* [What to do]
What is needed is an exact transcription of every record below.

Data START

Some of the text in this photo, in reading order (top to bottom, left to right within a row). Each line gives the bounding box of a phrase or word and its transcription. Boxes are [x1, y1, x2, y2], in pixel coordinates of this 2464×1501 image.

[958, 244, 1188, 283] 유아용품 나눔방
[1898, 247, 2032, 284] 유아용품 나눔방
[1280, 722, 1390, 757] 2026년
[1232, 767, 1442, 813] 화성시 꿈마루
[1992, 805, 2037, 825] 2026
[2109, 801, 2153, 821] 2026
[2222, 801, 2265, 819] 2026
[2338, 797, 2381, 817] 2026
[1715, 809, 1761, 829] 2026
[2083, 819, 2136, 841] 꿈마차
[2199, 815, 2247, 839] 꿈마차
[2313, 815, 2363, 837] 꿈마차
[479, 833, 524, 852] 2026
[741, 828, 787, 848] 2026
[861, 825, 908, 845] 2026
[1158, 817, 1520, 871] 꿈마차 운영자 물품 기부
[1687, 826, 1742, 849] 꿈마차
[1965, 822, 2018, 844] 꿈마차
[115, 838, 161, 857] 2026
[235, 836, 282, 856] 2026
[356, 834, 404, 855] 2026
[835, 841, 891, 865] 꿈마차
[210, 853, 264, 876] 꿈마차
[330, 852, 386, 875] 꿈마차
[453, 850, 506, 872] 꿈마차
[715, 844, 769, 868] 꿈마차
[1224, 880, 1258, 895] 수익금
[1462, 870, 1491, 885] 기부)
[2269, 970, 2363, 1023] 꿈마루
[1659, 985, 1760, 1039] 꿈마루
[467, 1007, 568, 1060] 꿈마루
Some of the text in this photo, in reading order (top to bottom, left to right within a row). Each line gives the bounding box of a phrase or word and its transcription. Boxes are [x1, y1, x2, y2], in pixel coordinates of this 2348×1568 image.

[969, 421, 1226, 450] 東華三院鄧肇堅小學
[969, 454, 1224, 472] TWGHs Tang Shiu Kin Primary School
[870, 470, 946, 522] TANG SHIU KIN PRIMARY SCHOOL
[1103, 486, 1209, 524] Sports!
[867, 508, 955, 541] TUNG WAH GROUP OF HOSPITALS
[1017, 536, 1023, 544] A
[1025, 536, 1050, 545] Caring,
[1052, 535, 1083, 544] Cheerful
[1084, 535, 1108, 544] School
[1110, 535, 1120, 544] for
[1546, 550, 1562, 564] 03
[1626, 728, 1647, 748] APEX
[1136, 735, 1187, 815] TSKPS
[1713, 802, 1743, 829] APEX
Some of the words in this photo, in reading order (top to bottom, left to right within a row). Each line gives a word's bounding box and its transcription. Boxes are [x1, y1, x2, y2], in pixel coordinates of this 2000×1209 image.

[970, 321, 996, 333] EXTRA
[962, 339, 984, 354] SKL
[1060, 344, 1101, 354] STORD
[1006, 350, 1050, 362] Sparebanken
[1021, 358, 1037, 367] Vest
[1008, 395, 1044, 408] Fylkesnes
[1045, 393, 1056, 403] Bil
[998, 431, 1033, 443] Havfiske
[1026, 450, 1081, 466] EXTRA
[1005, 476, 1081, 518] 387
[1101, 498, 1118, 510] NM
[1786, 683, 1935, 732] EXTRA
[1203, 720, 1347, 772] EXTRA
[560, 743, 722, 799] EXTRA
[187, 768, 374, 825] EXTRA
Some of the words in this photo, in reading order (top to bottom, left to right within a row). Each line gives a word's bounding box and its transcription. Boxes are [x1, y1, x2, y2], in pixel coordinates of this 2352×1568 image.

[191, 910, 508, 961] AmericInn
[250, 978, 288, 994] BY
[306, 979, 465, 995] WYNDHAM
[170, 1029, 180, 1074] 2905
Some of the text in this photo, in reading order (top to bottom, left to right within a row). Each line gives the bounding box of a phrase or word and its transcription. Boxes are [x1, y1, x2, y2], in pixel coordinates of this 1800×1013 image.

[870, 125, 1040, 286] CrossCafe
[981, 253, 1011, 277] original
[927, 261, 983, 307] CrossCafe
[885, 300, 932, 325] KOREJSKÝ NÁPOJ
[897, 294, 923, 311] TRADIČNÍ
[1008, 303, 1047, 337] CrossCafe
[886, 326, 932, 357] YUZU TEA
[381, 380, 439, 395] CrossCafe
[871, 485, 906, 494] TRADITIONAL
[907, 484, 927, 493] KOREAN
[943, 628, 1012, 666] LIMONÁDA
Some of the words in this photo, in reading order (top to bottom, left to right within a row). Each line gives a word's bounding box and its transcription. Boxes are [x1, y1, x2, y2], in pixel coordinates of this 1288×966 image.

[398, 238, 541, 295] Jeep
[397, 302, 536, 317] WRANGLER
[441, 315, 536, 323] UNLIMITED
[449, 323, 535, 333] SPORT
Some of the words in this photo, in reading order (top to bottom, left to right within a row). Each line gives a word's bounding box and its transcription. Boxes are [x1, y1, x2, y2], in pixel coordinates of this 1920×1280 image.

Data END

* [Result of this task]
Some of the text in this photo, in reading order (top to bottom, left to right within a row). Each line gives the bounding box of a phrase or word and its transcription. Boxes are [x1, y1, x2, y2], in pixel coordinates of this 2464×1501 image.

[958, 244, 1188, 283] 유아용품 나눔방
[1898, 247, 2032, 284] 유아용품 나눔방
[1280, 722, 1390, 757] 2026년
[1232, 767, 1442, 813] 화성시 꿈마루
[1992, 805, 2037, 825] 2026
[2109, 801, 2153, 821] 2026
[2222, 801, 2265, 819] 2026
[2338, 797, 2381, 817] 2026
[1715, 809, 1761, 829] 2026
[2083, 819, 2136, 841] 꿈마차
[2199, 815, 2247, 839] 꿈마차
[2313, 815, 2363, 837] 꿈마차
[479, 833, 524, 852] 2026
[741, 828, 787, 848] 2026
[861, 825, 908, 845] 2026
[1158, 817, 1520, 871] 꿈마차 운영자 물품 기부
[1687, 826, 1742, 849] 꿈마차
[1965, 822, 2018, 844] 꿈마차
[115, 838, 161, 857] 2026
[235, 836, 282, 856] 2026
[356, 834, 404, 855] 2026
[835, 841, 891, 865] 꿈마차
[210, 853, 264, 876] 꿈마차
[330, 852, 386, 875] 꿈마차
[453, 850, 506, 872] 꿈마차
[715, 844, 769, 868] 꿈마차
[1224, 880, 1258, 895] 수익금
[1462, 870, 1491, 885] 기부)
[2269, 970, 2363, 1023] 꿈마루
[1659, 985, 1760, 1039] 꿈마루
[467, 1007, 568, 1060] 꿈마루
Some of the text in this photo, in reading order (top to bottom, left to right within a row). Each line gives the bounding box of a phrase or word and its transcription. Boxes are [x1, y1, x2, y2], in pixel coordinates of this 2348×1568 image.

[969, 421, 1226, 450] 東華三院鄧肇堅小學
[969, 454, 1224, 472] TWGHs Tang Shiu Kin Primary School
[870, 470, 946, 522] TANG SHIU KIN PRIMARY SCHOOL
[1103, 486, 1209, 524] Sports!
[867, 508, 955, 541] TUNG WAH GROUP OF HOSPITALS
[1017, 536, 1023, 544] A
[1025, 536, 1050, 545] Caring,
[1052, 535, 1083, 544] Cheerful
[1084, 535, 1108, 544] School
[1110, 535, 1120, 544] for
[1546, 550, 1562, 564] 03
[1626, 728, 1647, 748] APEX
[1136, 735, 1187, 815] TSKPS
[1713, 802, 1743, 829] APEX
Some of the words in this photo, in reading order (top to bottom, left to right within a row). Each line gives a word's bounding box and its transcription. Boxes are [x1, y1, x2, y2], in pixel coordinates of this 2000×1209 image.

[970, 321, 996, 333] EXTRA
[962, 339, 984, 354] SKL
[1060, 344, 1101, 354] STORD
[1006, 350, 1050, 362] Sparebanken
[1021, 358, 1037, 367] Vest
[1008, 395, 1044, 408] Fylkesnes
[1045, 393, 1056, 403] Bil
[998, 431, 1033, 443] Havfiske
[1026, 450, 1081, 466] EXTRA
[1005, 476, 1081, 518] 387
[1101, 498, 1118, 510] NM
[1786, 683, 1935, 732] EXTRA
[1203, 720, 1347, 772] EXTRA
[560, 743, 722, 799] EXTRA
[187, 768, 374, 825] EXTRA
Some of the words in this photo, in reading order (top to bottom, left to right within a row). Each line gives a word's bounding box and its transcription. Boxes are [x1, y1, x2, y2], in pixel coordinates of this 2352×1568 image.

[191, 910, 508, 961] AmericInn
[250, 978, 288, 994] BY
[306, 979, 465, 995] WYNDHAM
[170, 1029, 180, 1074] 2905
Some of the text in this photo, in reading order (top to bottom, left to right within a row). Each line gives the bounding box of a phrase or word and its transcription. Boxes are [x1, y1, x2, y2], in pixel coordinates of this 1800×1013 image.

[870, 125, 1040, 286] CrossCafe
[981, 253, 1011, 277] original
[927, 261, 983, 307] CrossCafe
[885, 300, 932, 325] KOREJSKÝ NÁPOJ
[897, 294, 923, 311] TRADIČNÍ
[1008, 303, 1047, 337] CrossCafe
[886, 326, 932, 357] YUZU TEA
[381, 380, 439, 395] CrossCafe
[871, 485, 906, 494] TRADITIONAL
[907, 484, 927, 493] KOREAN
[943, 628, 1012, 666] LIMONÁDA
Some of the words in this photo, in reading order (top to bottom, left to right within a row). Each line gives a word's bounding box and its transcription. Boxes are [x1, y1, x2, y2], in pixel coordinates of this 1288×966 image.

[398, 238, 541, 295] Jeep
[397, 302, 536, 317] WRANGLER
[441, 315, 536, 323] UNLIMITED
[449, 323, 535, 333] SPORT
Some of the words in this photo, in reading order (top to bottom, left to right within a row). Each line gives a word's bounding box and its transcription. Boxes are [x1, y1, x2, y2], in pixel coordinates of this 1920×1280 image.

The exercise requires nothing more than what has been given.